Какие из перспективных технологий (блокчейн, искусственный интеллект и т. п.) могут «выстрелить» в ближайшем году и в каких отраслях?
Разумеется, самой емкой с точки зрения новых технологий является банковская отрасль, и именно потому, что переживает серьезные изменения. Второй по потребности в инновациях сферой является сельское хозяйство. Существует огромный пласт задач, чрезвычайно актуальных в сельском хозяйстве, традиционно страдающем от невысокой эффективности. Здесь востребованы решения на базе Интернета вещей: системы точного земледелия, распознавания болезней растений и умной ирригации, системы планирования. Но главное – есть очень заметный эффект от внедрения, такие проекты явно имеют смысл.
Что касается конкретных технологий, то главной из них в ближайшее время будет умение думать. Слишком много хайпов создается непрофессиональными людьми. Два курса на Coursera не сделают из человека исследователя данных, а посещение нескольких конференций по блокчейну и покупка некоторой суммы биткойнов не сделают из него большого специалиста по криптовалютам.
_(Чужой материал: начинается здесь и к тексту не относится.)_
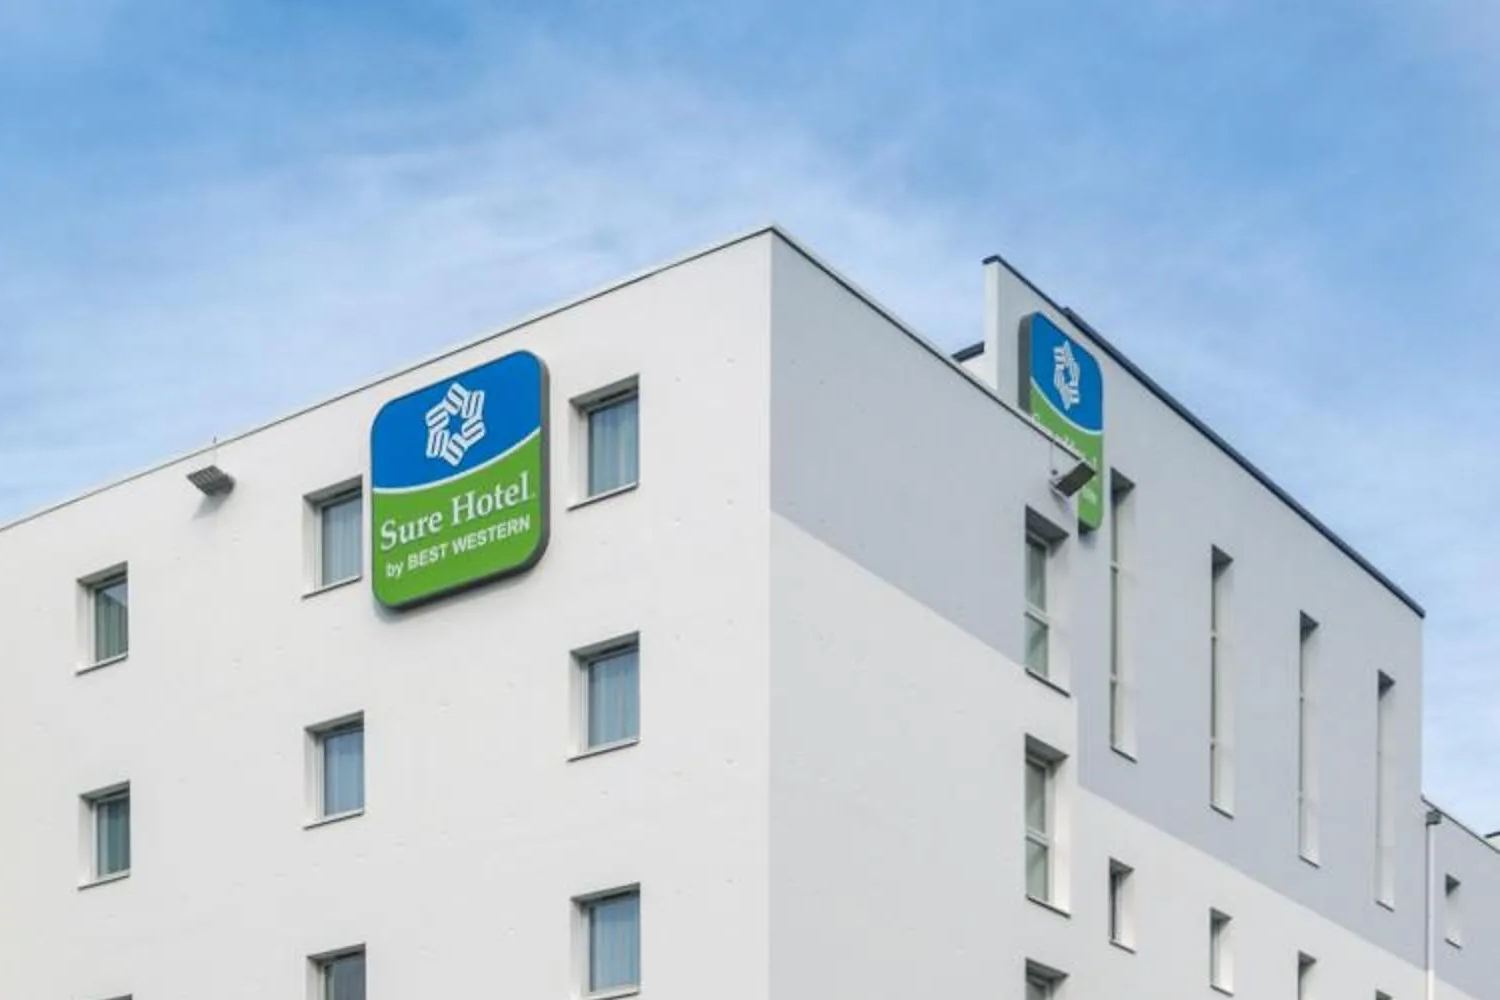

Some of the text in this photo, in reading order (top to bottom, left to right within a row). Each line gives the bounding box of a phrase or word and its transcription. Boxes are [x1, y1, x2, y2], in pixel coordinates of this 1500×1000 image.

[380, 470, 530, 550] Sure Hotel
[385, 514, 531, 578] by BEST WESTERN
Несомненным является лишь применение экспоненциальных технологий в контексте искусственного интеллекта. Однако в ближайший год здесь не стоит ждать прорывов, все будут заняты более простыми вещами. Например, сейчас мы видим торжество роботизации процессов (Robotic Process Automation, RPA), и в ближайший год сохранится интерес именно к ней: она позволяет быстро и просто снизить затраты на человеческие ресурсы. Это короткие и понятные проекты с очевидной монетизацией. Что касается систем искусственного интеллекта, то с ними уже необходимо начинать экспериментировать. Будучи правильно примененными, они дают мощный прирост производительности. Но эти проекты – гораздо более сложные и требуют более высокой компетенции у исполнителя.
О драйверах цифровизации говорят часто. А какие факторы могут быть сдерживающими и не перевесят ли они в итоге?
Да, такое вполне может быть. Более того, отчасти это и происходит. Во-первых, как я уже говорил, нужны данные. Во-вторых, в экспоненциальной экономике важнейшим фактором станет наличие экосистем, а значит, залогом успеха является правильное регулирование. Примером может служить американский подход – изначальное отсутствие регулирования и его появление лишь в случае возникновения проблем, а не попытка зарегулировать «на перспективу». Кроме того, нам срочно нужно менять менталитет в вопросах открытости доступа к данным. Мы исторически находились «в окружении врагов», и поэтому все системы построены на больших ограничениях. Наконец, забюрократизированность крупных компаний. Не стоит упрекать госкомпании в незаинтересованности цифровой экономикой – это не так. Просто у них нет ресурсов – хватает других проблем. Но не заниматься этим нельзя, ресурсы придется изыскивать.
Далее серьезным барьером будет становиться человеческий капитал. Сколько толковых людей остается преподавать в вузах? Основная масса расхватывается компаниями или уезжает за рубеж. С возобновляемостью человеческого капитала сейчас большие проблемы.
Важно понимать, что цифровая экономика делается молодыми энтузиастами, а экспоненциальная – экспертами и инженерами. У каждой из них своя специфика, и препятствия везде свои. Однако наряду с препятствиями существуют и свои уникальные возможности. У нас пока еще высокое качество человеческого капитала, мы видели всплеск его активности в 2010-2014 годах, и еще, я думаю, увидим не раз.